Tuesday, November 15, 2016

Blog tour for Death Mask by Lexi Ander and a giveaway






Title: Death Mask

Series: Black Harbingers MC

Author(s): Lexi Ander

Cover Artist: Kirby Crow

Categories: Gay, Urban Fantasy, Fairy Tales, Roughhouse Raiders

Length: 43,000 words

Release Date: November 9, 2016









Blurb:
Grim Misery, the President of the Black Harbinger Motorcycle Club, discovers a wounded warlock and four werepups aboard the club's LSD shipment. And the news kept getting better and better. Not only is the warlock sitting on the edge of death, he's illegally bonded to the werepups, which could trigger a war with the werewolves—and he turns out to be Misery's estranged husband.

Years ago, Griffin turned Misery away to be with another warlock by the name of Marcheso Aldo. Misery left everything behind, even his family, but couldn't shake the heartbreak Griffin caused. With Griffin thrust back into Misery's life, he discovers things aren't as they seem... and everything is about to get much, much worse.




Excerpt:

Chapter One

"Death is not the greatest loss in life. The greatest loss is what dies inside us while we live." ~Norman Cousins


"Prez, you're gonna want to take a look at this." Nightingale, Sergeant in Arms of the Black Harbingers MC, called to me from the tail end of the box truck that recently arrived from the docks. The products the vehicle carried included the much-awaited shipment of LSD for the city's elder vampires. The goods were late by one week, and I had some agitated parasites on my hands. If someone so much as fucked with the shite, they would be in a world of hurt, because I had no qualms feeding the arseholes to the bloodsuckers.

The clubhouse for the MC was a repurposed three-story library. The block had been slated for demolition after World War II to make way for a strip mall or some such. I loved the building, with its Grecian columns, marble floors, and the liberal use of dark woods. She had character, and after I greased a few palms, she became our clubhouse, our home.

On the ground floor, to the rear of the building, were two bay doors. Semis could back up to one of them, allowing people to walk into the bed without using a ramp. The second bay, vehicles drove directly onto the dock. Granted, unloading the boxes was harder, but we didn't have to worry about prying eyes and for this shipment, we needed complete privacy.

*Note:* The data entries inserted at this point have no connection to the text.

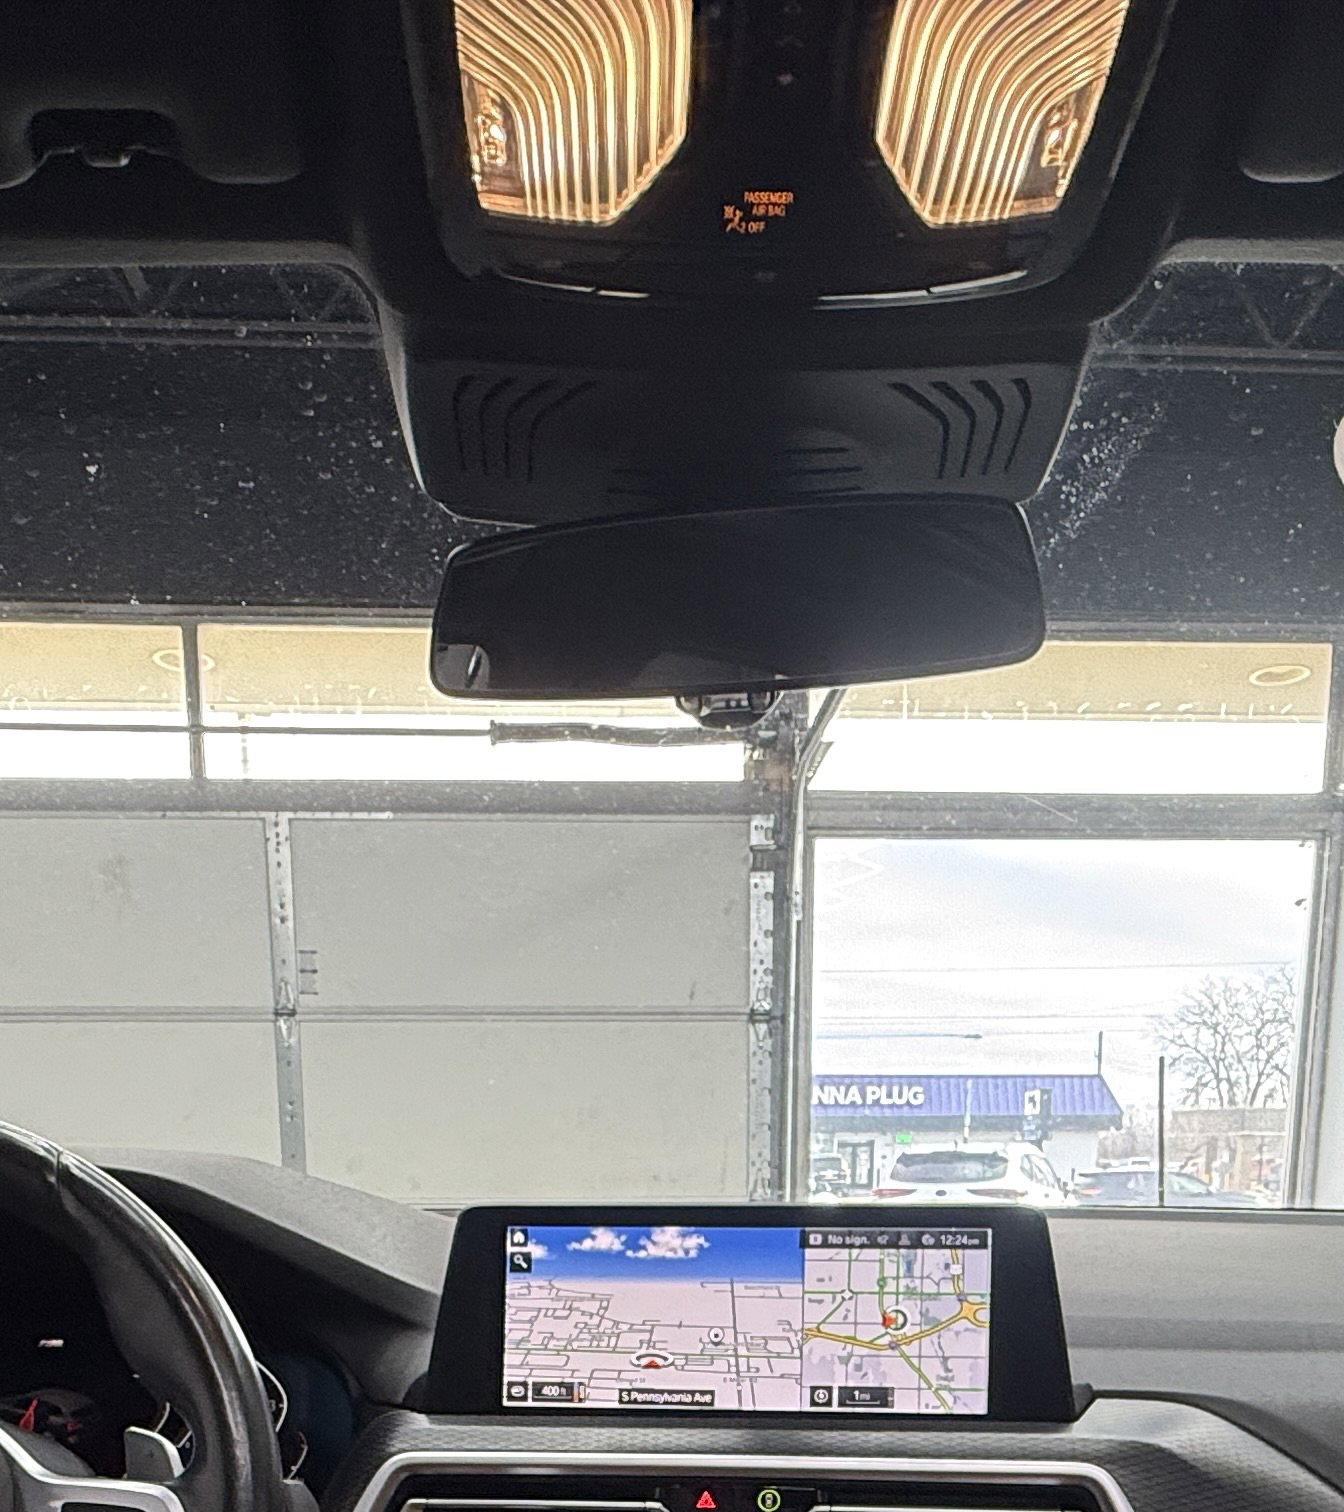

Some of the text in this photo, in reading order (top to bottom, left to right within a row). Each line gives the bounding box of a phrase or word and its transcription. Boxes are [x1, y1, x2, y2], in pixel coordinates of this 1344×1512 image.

[744, 191, 794, 203] PASSENGER
[752, 205, 786, 216] AIR BAG
[748, 221, 765, 233] OFF
[865, 1085, 924, 1105] PLUG
[828, 1234, 870, 1247] No sign.
[541, 1385, 559, 1396] 400
[621, 1391, 713, 1404] S Pennsylvania Ave

By the tone of Night's voice, I wouldn't like what I'd see. One of the prospects had been sent to retrieve the truck from the docks. Not quite members of the MC, prospects were initiates working through the probationary period. Simply put, they were the club's gofers. They did anything and everything the brothers asked of them. They guarded the bikes in public places, manned the doors at the parties, and made sure no one unauthorized entered the clubhouse. If a brother's old lady needed to go somewhere, a prospect escorted them. The list of shitty duties was endless. At the end of the probation period, the brothers voted the prospect in or out, but until then, the prospect did what they were told, without complaint. Our newest prospect, Tinman, who'd picked up the box truck, stood off to the side looking concerned, but not afraid.

"The truck was where you'd said it'd be, Misery. There weren't any problems and no one followed me," he said, without prompting.

When I rounded the rear of the non-descript vehicle, the door was rolled up, exposing the back of the compartment, stacked with boxes. Nightingale stood with his arms crossed over his chest, his cut hidden by the muscular bulk of his arms. At one time, he'd been a Noble Fae. From which court, I'd never asked. When most preternaturals came looking to join the Black Harbingers, they left behind who they once were. The brothers only cared about the here and now, content to leave whatever hell they'd escaped in the past. We all carried secrets best left undisturbed, and we let sleeping dogs lie, so to speak.

Those who didn't know of Nightingale's origins wouldn't have believed he belonged to that waif-like race. He'd shed his litheness, becoming a motherfucking powerhouse of strength and muscle. Even his unnaturally-white hair, which many people assumed the poor bastard had gone gray early, didn't soften his appearance. Most bikers didn't have facial piercings because they stumbled into too many fistfights, but not Night. He wore a ring in the right nostril and two in his bottom lip that he fiddled with when something bothered him, like now. When he met my gaze, his green eyes were troubled. Then the scent hit me.

Blood.

When I went to ask what the fuck he was waiting for, Night placed a pale finger over his lips, biding me to listen. The sound was faint, but the soft whines of some kind of dog or… Well, fuck me sideways.

"Someone find Hog and Lalios." My request was made in a low voice, but the brothers jumped to it as if I'd yelled. Perhaps they felt my tension or they, too, scented the blood wafting from the back of the truck, now that the door had been raised.

More than one person drew a weapon. Grabbing the handrail on the side of the door, I readied to climb into the back.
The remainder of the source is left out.